US town's police ban pedestrians texting and walking

Last updated at 11:40
close up of fingers spelling words on a smartphone

Police in the US town of Fort Lee, New Jersey, have started a battle against texters who aren't looking where they're going.

Anyone caught texting whilst walking is fined for "jaywalking", an American term for walking on the road instead of the pavement.

The crackdown is all about safety, say police in Fort Lee.

More than 20 of their pedestrians have been hit by cars in 2012. In just six weeks, they've fined 117 texters.

"It's a big distraction.
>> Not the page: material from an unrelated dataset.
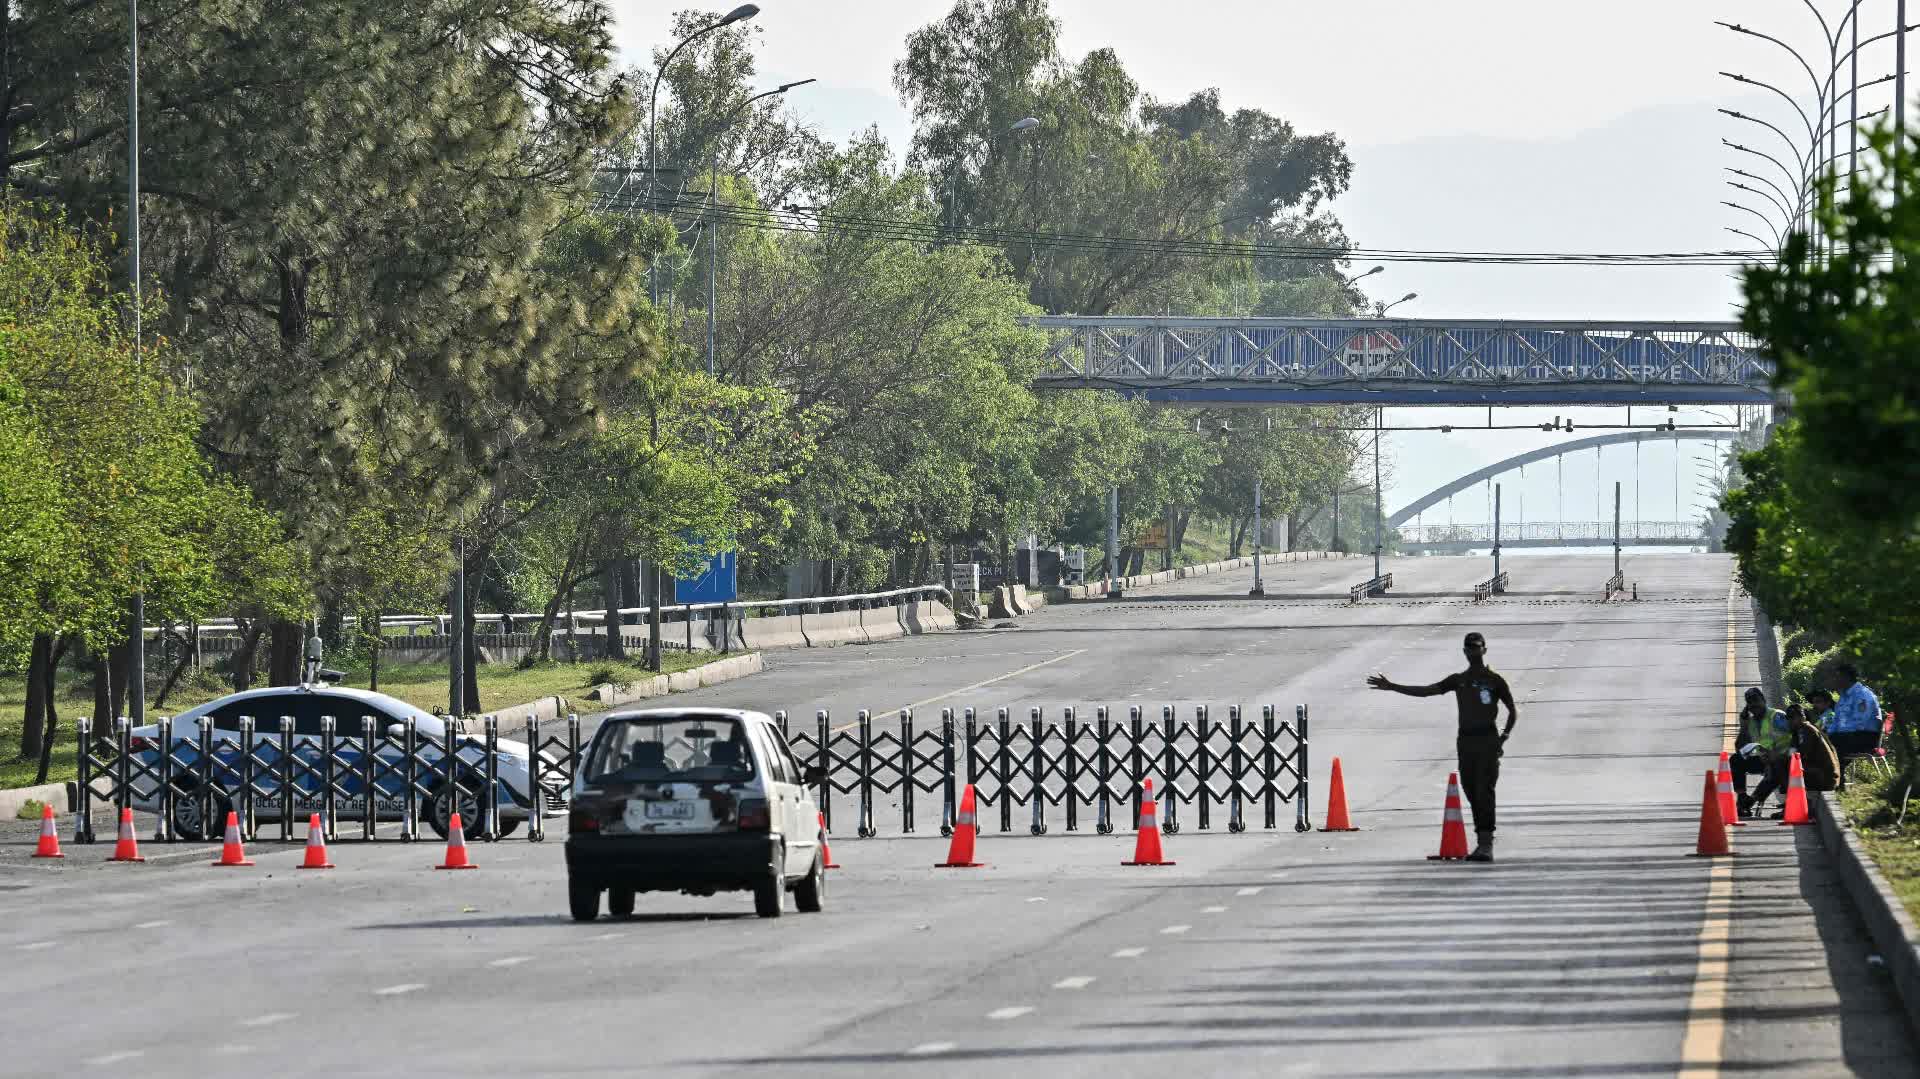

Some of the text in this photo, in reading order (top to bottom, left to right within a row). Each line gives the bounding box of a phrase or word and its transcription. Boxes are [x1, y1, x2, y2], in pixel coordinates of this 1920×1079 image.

Pedestrians aren't watching where they are going and they are not aware," said Thomas Ripoli, chief of the Fort Lee Police Department.
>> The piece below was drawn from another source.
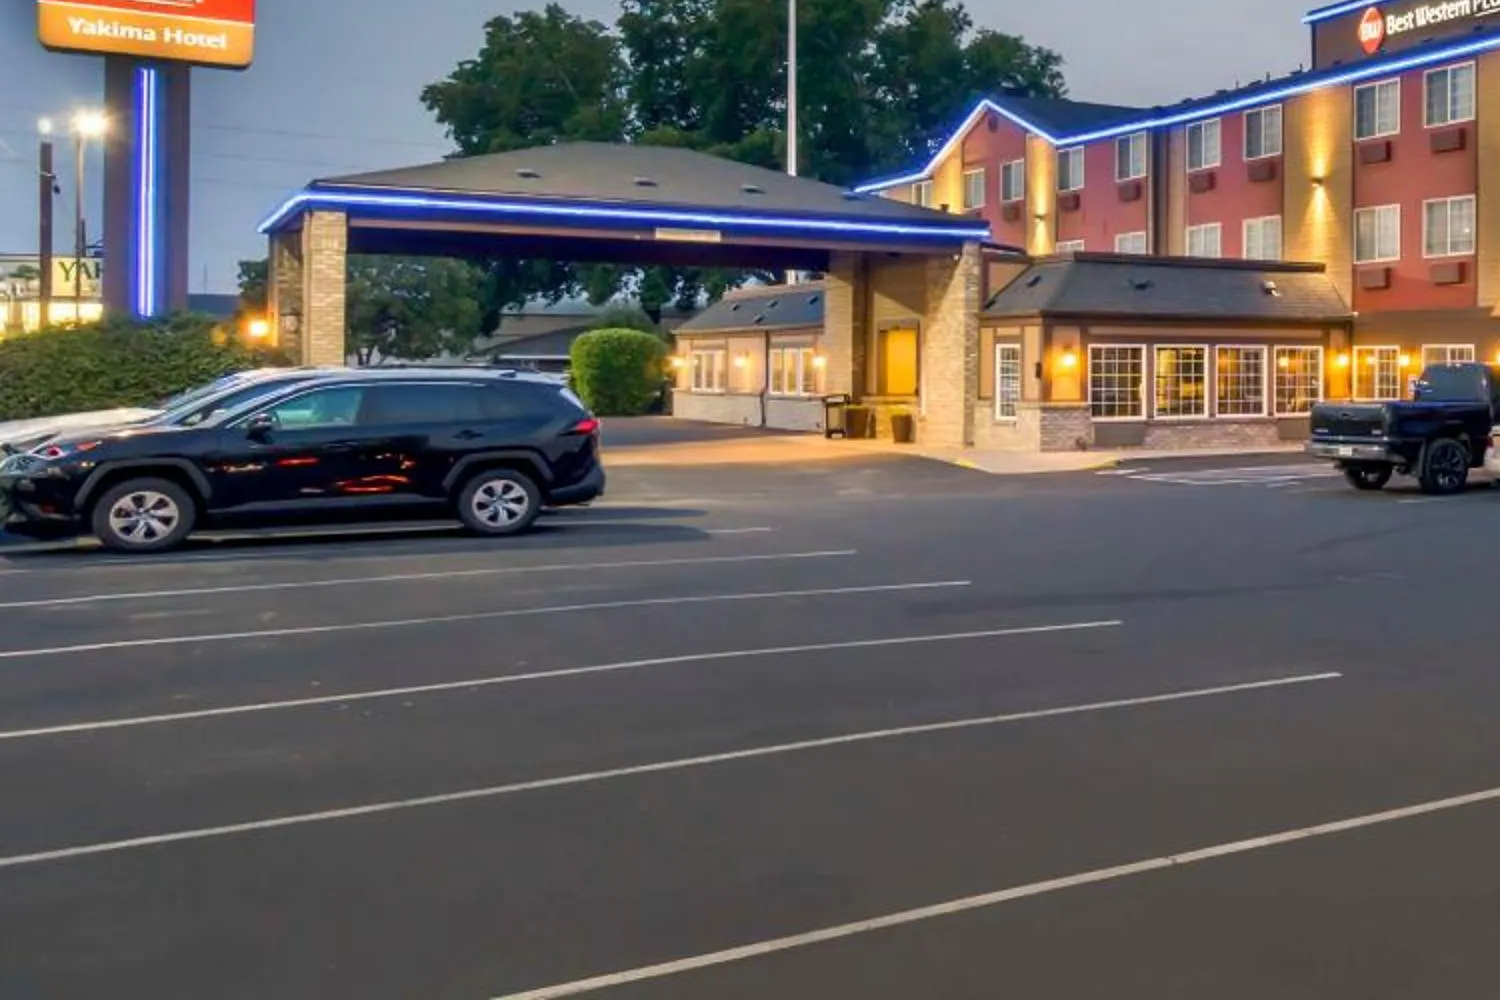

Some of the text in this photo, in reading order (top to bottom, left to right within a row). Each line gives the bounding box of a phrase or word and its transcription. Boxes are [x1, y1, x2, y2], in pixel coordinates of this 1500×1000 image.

[67, 15, 227, 50] Yakima Hotel
[1386, 12, 1414, 36] Best
Swerving in the wrong direction?

Meanwhile, two professors at a university in New York have done a study on walking and texting.

They covered people's faces so they could only see their phones, and then told them to walk in a straight line.
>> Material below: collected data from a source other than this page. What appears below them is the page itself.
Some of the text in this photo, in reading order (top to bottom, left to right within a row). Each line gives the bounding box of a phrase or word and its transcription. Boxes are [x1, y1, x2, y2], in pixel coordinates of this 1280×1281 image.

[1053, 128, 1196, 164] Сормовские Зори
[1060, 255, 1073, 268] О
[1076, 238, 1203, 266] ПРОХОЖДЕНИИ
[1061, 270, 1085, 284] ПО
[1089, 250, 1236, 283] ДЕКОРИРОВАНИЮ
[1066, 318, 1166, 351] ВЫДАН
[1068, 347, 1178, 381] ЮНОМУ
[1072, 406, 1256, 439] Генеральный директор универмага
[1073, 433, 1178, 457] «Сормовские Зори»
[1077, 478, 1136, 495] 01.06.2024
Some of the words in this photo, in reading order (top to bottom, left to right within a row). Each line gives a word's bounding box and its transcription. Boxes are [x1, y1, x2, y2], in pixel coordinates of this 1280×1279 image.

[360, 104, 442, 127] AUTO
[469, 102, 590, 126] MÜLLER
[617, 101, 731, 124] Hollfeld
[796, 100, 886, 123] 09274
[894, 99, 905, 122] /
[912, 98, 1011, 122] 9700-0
The results of the study showed walkers are 60 percent more likely to swerve in the wrong direction if they're texting.

Man with cloth over his head walking alongside two other peopleABC/STONY BROOK UNIVERSITY

There are already mobile apps available which actually help people to walk and text at the same time.

The apps use the phone's camera to show a view of the road on the top half of the phone's screen - but it's a very limited view.

Best not try using one of those in Fort Lee though...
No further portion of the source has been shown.